Nessuno fiatò. Senza rallentare, la comandante fece compiere un rapido dietrofront alla Space Angel nel momento in cui, trovandosi dalla parte opposta di una delle lune del pianeta, il nemico non poteva vederla. Questo tipo di manovra era possibile unicamente grazie al campo gravitazionale, perché senza di esso l’equipaggio sarebbe stato ridotto in polpette e la nave distrutta.
Quando la Space Angel ricomparve sugli schermi della nave avversaria, stava velocemente puntando contro di essa da qualche secondo. I Tchork spararono all’impazzata senza esito, e poco dopo si trovarono alla portata del depolarizzatore. Torwald lo attivò e improvvisamente sembrò che la nave nemica fosse diventata molto più grande. Il punto sullo schermo si allargò, sbiadendo fino a scomparire, completamente disintegrato. La seconda nave, intanto, aveva cambiato rotta e stava allontanandosi. Un coro di evviva sopraffece per qualche istante la voce dall’interfono.
— Bene, bene, calma adesso! — gridò la comandante. — Non distribuisco sigari finché non saremo al sicuro nell’iperspazio. Restate ai vostri posti.
Sedevano esausti alla tavola della mensa trangugiando un caffè dopo l’altro, dopo avere ingurgitato le razioni che Michelle aveva imposto loro a viva forza, costringendoli anche a prendere le medicine che aveva prescritto. Erano in attesa che lei tornasse per sapere in che condizioni fossero Achmed e Lafayette.
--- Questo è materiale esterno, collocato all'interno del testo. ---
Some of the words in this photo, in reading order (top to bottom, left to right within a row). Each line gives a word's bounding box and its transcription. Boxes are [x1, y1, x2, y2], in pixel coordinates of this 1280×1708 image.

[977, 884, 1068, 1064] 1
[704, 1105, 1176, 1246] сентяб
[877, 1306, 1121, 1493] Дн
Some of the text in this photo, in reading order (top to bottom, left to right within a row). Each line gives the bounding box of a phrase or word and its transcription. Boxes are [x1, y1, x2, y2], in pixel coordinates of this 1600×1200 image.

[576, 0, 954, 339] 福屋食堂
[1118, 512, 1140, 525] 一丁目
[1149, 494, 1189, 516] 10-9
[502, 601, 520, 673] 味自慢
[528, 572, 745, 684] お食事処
— Quella manovra è stata un capolavoro di maestria, comandante — disse Sergei. — Su che tipo di nave avete prestato servizio, durante la guerra?
— Oh, pilotavo un Marauder, e Ham era il mio mitragliere capo.
— Questo spiega tutto.
Aveva ragione. Il piccolo mezzo dotato di armi pesanti e leggere aveva preso parte a quasi tutte le azioni e invasioni planetarie durante il conflitto. Ogni Marauder era indispensabile... e spendibile. E infatti ne erano andati distrutti in quantità enormi e meno del dieci per cento del personale che aveva prestato servizio sui Marauder era sopravvissuto.
Poco dopo entrò Michelle. — Achmed ce la farà. Sta già meglio — disse lei versandosi il caffè. — Lafayette è un po’ malconcio, ma non ha niente di grave.
— Le sue parole furono accolte da un generale sospiro di sollievo. — Bene, questo è tutto — disse la comandante accendendosi un sigaro. — Domande?
Si guardò attorno ma, fatta eccezione per Michelle e i Viver, tutti avevano reclinato la testa sul tavolo e si erano addormentati.